▶ What to do
Once you have read the records below, print them again exactly as they stand.

▶ Extracted information
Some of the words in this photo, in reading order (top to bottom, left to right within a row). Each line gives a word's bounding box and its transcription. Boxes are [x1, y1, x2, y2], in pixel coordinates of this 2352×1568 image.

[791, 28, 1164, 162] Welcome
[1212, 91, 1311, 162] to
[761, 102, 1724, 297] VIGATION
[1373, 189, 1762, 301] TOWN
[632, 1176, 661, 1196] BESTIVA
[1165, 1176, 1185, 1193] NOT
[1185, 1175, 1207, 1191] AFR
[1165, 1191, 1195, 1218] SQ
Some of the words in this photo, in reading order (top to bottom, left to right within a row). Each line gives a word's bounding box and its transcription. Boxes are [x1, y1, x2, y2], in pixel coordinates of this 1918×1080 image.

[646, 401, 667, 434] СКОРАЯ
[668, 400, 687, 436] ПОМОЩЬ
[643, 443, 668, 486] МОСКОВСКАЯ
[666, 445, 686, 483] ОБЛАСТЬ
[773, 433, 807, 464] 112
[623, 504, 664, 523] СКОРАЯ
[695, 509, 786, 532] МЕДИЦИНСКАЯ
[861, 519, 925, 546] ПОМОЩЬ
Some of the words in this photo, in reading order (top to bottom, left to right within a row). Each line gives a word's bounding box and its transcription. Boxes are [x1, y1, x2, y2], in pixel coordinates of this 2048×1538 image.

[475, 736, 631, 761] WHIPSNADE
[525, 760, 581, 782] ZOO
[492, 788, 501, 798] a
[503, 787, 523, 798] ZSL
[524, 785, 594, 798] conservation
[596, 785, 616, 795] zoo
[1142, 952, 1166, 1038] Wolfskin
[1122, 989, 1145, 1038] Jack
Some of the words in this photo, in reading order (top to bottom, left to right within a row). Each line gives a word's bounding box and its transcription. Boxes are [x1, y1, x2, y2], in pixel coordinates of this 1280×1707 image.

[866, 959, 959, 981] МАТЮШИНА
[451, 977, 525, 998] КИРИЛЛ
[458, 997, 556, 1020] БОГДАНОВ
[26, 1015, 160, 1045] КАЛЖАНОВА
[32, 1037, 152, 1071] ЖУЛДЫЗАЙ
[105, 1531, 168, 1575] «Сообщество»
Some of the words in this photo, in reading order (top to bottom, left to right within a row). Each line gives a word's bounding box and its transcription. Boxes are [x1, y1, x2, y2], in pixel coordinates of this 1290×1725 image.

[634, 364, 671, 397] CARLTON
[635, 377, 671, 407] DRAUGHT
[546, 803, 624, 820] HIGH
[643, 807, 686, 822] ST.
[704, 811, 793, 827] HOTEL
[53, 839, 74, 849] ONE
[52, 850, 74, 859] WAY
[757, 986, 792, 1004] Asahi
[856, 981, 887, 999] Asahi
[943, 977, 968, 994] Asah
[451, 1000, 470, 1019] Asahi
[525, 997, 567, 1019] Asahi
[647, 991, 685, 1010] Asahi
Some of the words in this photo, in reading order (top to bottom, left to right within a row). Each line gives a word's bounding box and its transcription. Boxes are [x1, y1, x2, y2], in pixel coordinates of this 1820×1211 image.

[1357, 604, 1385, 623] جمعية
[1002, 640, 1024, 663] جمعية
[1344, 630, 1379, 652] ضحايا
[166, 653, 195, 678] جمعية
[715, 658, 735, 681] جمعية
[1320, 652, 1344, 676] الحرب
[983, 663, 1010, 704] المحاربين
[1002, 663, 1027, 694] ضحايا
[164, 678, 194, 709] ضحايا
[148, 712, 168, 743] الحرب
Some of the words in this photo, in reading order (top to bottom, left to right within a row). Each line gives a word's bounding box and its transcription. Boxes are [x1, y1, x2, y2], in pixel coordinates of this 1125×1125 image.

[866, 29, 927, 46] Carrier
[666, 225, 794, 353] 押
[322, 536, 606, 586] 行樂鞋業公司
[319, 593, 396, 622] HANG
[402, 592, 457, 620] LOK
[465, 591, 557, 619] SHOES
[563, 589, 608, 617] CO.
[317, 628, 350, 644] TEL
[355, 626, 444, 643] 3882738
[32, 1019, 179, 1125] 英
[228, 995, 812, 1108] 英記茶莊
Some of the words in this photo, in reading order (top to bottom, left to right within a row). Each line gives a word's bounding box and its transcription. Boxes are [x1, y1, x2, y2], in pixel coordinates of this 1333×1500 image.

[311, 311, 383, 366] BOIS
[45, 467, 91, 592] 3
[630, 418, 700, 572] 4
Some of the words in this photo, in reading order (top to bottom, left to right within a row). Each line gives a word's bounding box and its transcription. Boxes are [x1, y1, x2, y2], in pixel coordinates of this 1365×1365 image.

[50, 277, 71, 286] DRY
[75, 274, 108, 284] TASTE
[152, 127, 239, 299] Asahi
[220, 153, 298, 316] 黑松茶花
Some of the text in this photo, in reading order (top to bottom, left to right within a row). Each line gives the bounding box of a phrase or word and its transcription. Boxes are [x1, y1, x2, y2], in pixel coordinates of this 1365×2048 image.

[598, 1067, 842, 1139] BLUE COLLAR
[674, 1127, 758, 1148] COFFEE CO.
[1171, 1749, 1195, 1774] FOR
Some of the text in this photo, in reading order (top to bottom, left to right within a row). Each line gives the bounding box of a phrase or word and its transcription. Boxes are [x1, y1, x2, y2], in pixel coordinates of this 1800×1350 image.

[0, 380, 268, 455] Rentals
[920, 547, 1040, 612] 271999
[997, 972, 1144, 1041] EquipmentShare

▶ Problem solution
Some of the words in this photo, in reading order (top to bottom, left to right within a row). Each line gives a word's bounding box and its transcription. Boxes are [x1, y1, x2, y2], in pixel coordinates of this 2352×1568 image.

[791, 28, 1164, 162] Welcome
[1212, 91, 1311, 162] to
[761, 102, 1724, 297] VIGATION
[1373, 189, 1762, 301] TOWN
[632, 1176, 661, 1196] BESTIVA
[1165, 1176, 1185, 1193] NOT
[1185, 1175, 1207, 1191] AFR
[1165, 1191, 1195, 1218] SQ
Some of the words in this photo, in reading order (top to bottom, left to right within a row). Each line gives a word's bounding box and its transcription. Boxes are [x1, y1, x2, y2], in pixel coordinates of this 1918×1080 image.

[646, 401, 667, 434] СКОРАЯ
[668, 400, 687, 436] ПОМОЩЬ
[643, 443, 668, 486] МОСКОВСКАЯ
[666, 445, 686, 483] ОБЛАСТЬ
[773, 433, 807, 464] 112
[623, 504, 664, 523] СКОРАЯ
[695, 509, 786, 532] МЕДИЦИНСКАЯ
[861, 519, 925, 546] ПОМОЩЬ
Some of the words in this photo, in reading order (top to bottom, left to right within a row). Each line gives a word's bounding box and its transcription. Boxes are [x1, y1, x2, y2], in pixel coordinates of this 2048×1538 image.

[475, 736, 631, 761] WHIPSNADE
[525, 760, 581, 782] ZOO
[492, 788, 501, 798] a
[503, 787, 523, 798] ZSL
[524, 785, 594, 798] conservation
[596, 785, 616, 795] zoo
[1142, 952, 1166, 1038] Wolfskin
[1122, 989, 1145, 1038] Jack
Some of the words in this photo, in reading order (top to bottom, left to right within a row). Each line gives a word's bounding box and its transcription. Boxes are [x1, y1, x2, y2], in pixel coordinates of this 1280×1707 image.

[866, 959, 959, 981] МАТЮШИНА
[451, 977, 525, 998] КИРИЛЛ
[458, 997, 556, 1020] БОГДАНОВ
[26, 1015, 160, 1045] КАЛЖАНОВА
[32, 1037, 152, 1071] ЖУЛДЫЗАЙ
[105, 1531, 168, 1575] «Сообщество»
Some of the words in this photo, in reading order (top to bottom, left to right within a row). Each line gives a word's bounding box and its transcription. Boxes are [x1, y1, x2, y2], in pixel coordinates of this 1290×1725 image.

[634, 364, 671, 397] CARLTON
[635, 377, 671, 407] DRAUGHT
[546, 803, 624, 820] HIGH
[643, 807, 686, 822] ST.
[704, 811, 793, 827] HOTEL
[53, 839, 74, 849] ONE
[52, 850, 74, 859] WAY
[757, 986, 792, 1004] Asahi
[856, 981, 887, 999] Asahi
[943, 977, 968, 994] Asah
[451, 1000, 470, 1019] Asahi
[525, 997, 567, 1019] Asahi
[647, 991, 685, 1010] Asahi
Some of the words in this photo, in reading order (top to bottom, left to right within a row). Each line gives a word's bounding box and its transcription. Boxes are [x1, y1, x2, y2], in pixel coordinates of this 1820×1211 image.

[1357, 604, 1385, 623] جمعية
[1002, 640, 1024, 663] جمعية
[1344, 630, 1379, 652] ضحايا
[166, 653, 195, 678] جمعية
[715, 658, 735, 681] جمعية
[1320, 652, 1344, 676] الحرب
[983, 663, 1010, 704] المحاربين
[1002, 663, 1027, 694] ضحايا
[164, 678, 194, 709] ضحايا
[148, 712, 168, 743] الحرب
Some of the words in this photo, in reading order (top to bottom, left to right within a row). Each line gives a word's bounding box and its transcription. Boxes are [x1, y1, x2, y2], in pixel coordinates of this 1125×1125 image.

[866, 29, 927, 46] Carrier
[666, 225, 794, 353] 押
[322, 536, 606, 586] 行樂鞋業公司
[319, 593, 396, 622] HANG
[402, 592, 457, 620] LOK
[465, 591, 557, 619] SHOES
[563, 589, 608, 617] CO.
[317, 628, 350, 644] TEL
[355, 626, 444, 643] 3882738
[32, 1019, 179, 1125] 英
[228, 995, 812, 1108] 英記茶莊
Some of the words in this photo, in reading order (top to bottom, left to right within a row). Each line gives a word's bounding box and its transcription. Boxes are [x1, y1, x2, y2], in pixel coordinates of this 1333×1500 image.

[311, 311, 383, 366] BOIS
[45, 467, 91, 592] 3
[630, 418, 700, 572] 4
Some of the words in this photo, in reading order (top to bottom, left to right within a row). Each line gives a word's bounding box and its transcription. Boxes are [x1, y1, x2, y2], in pixel coordinates of this 1365×1365 image.

[50, 277, 71, 286] DRY
[75, 274, 108, 284] TASTE
[152, 127, 239, 299] Asahi
[220, 153, 298, 316] 黑松茶花
Some of the text in this photo, in reading order (top to bottom, left to right within a row). Each line gives the bounding box of a phrase or word and its transcription. Boxes are [x1, y1, x2, y2], in pixel coordinates of this 1365×2048 image.

[598, 1067, 842, 1139] BLUE COLLAR
[674, 1127, 758, 1148] COFFEE CO.
[1171, 1749, 1195, 1774] FOR
Some of the text in this photo, in reading order (top to bottom, left to right within a row). Each line gives the bounding box of a phrase or word and its transcription. Boxes are [x1, y1, x2, y2], in pixel coordinates of this 1800×1350 image.

[0, 380, 268, 455] Rentals
[920, 547, 1040, 612] 271999
[997, 972, 1144, 1041] EquipmentShare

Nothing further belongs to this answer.